* **TASK TO CARRY OUT**
Your task is to give the listing below back word for word, pictures excluded.

* **EXCERPTED RECORDS**

============================================================

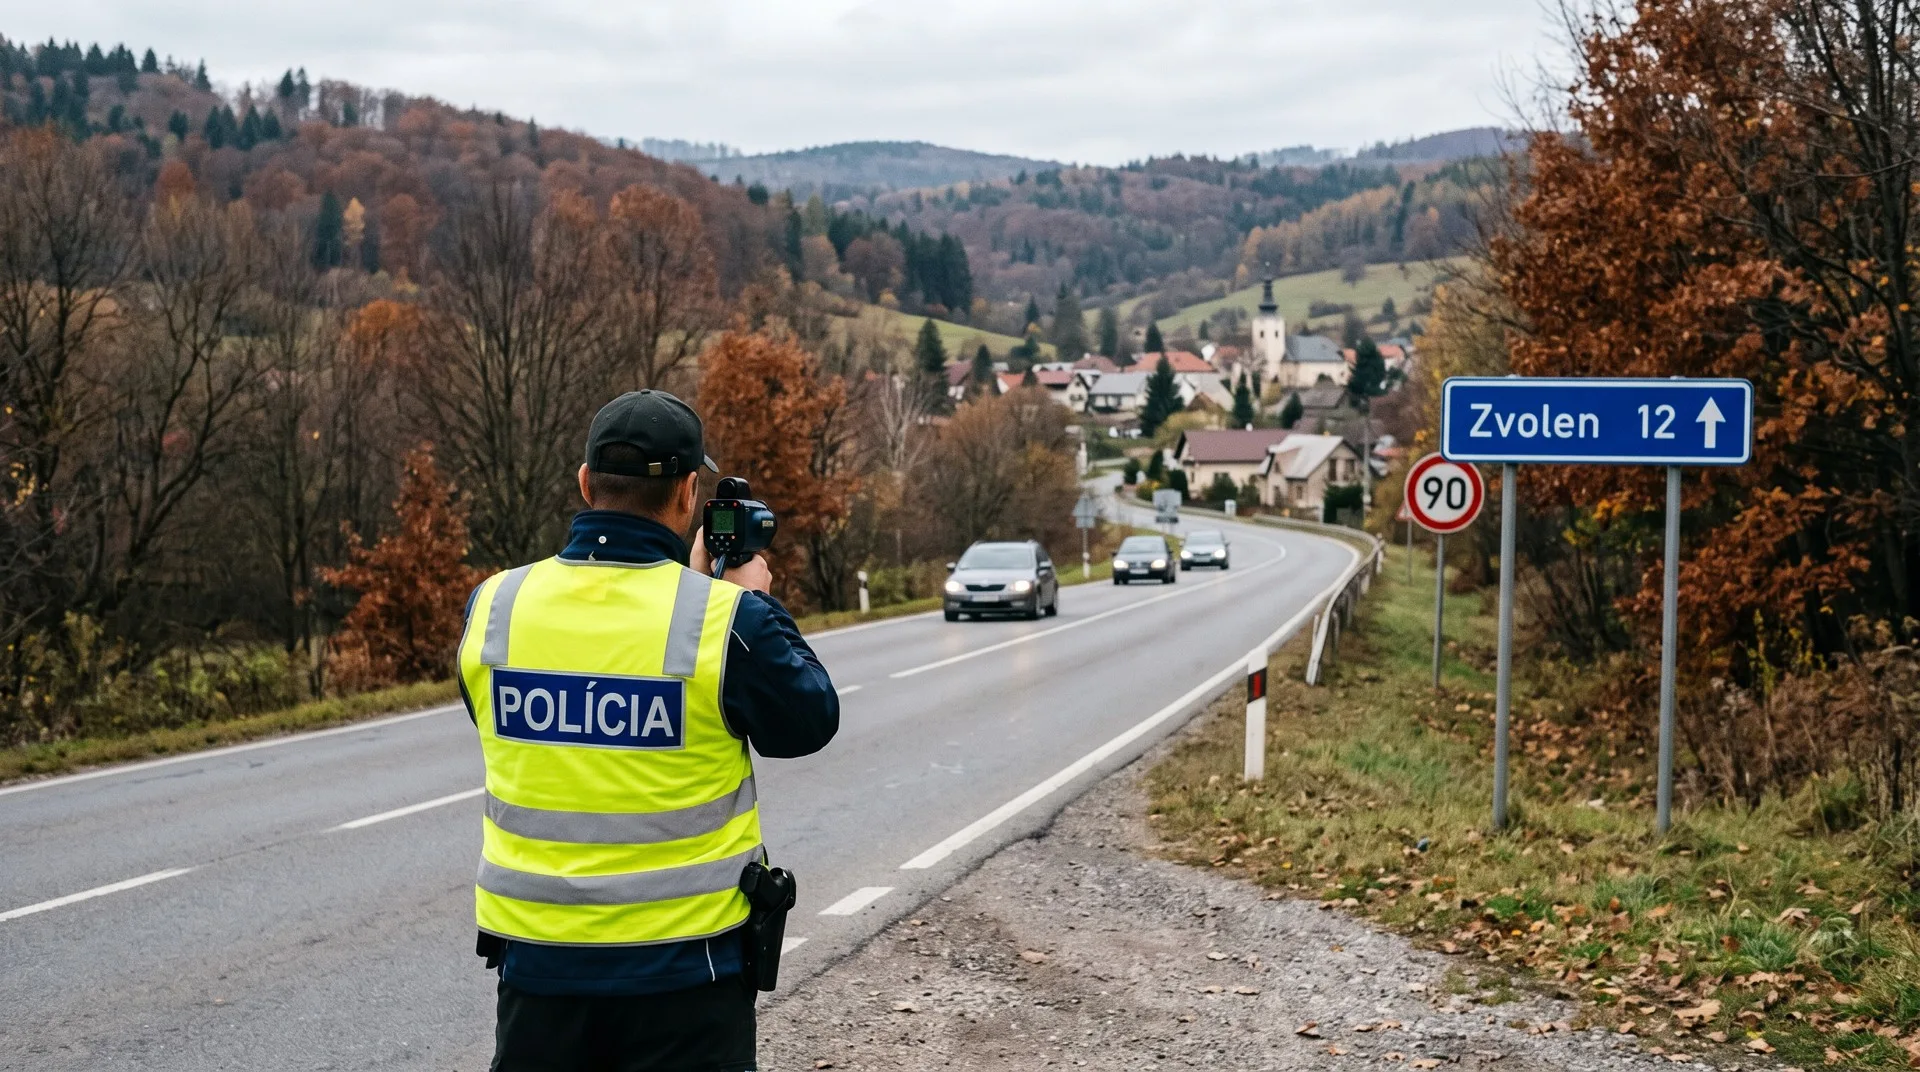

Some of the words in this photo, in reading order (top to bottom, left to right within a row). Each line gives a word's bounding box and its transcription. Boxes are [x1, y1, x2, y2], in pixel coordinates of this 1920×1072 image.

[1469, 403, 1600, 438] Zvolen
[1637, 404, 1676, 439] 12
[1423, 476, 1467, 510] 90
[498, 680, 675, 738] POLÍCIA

============================================================

* **REPLY TO THE EXERCISE**
Some of the words in this photo, in reading order (top to bottom, left to right within a row). Each line gives a word's bounding box and its transcription. Boxes are [x1, y1, x2, y2], in pixel coordinates of this 1920×1072 image.

[1469, 403, 1600, 438] Zvolen
[1637, 404, 1676, 439] 12
[1423, 476, 1467, 510] 90
[498, 680, 675, 738] POLÍCIA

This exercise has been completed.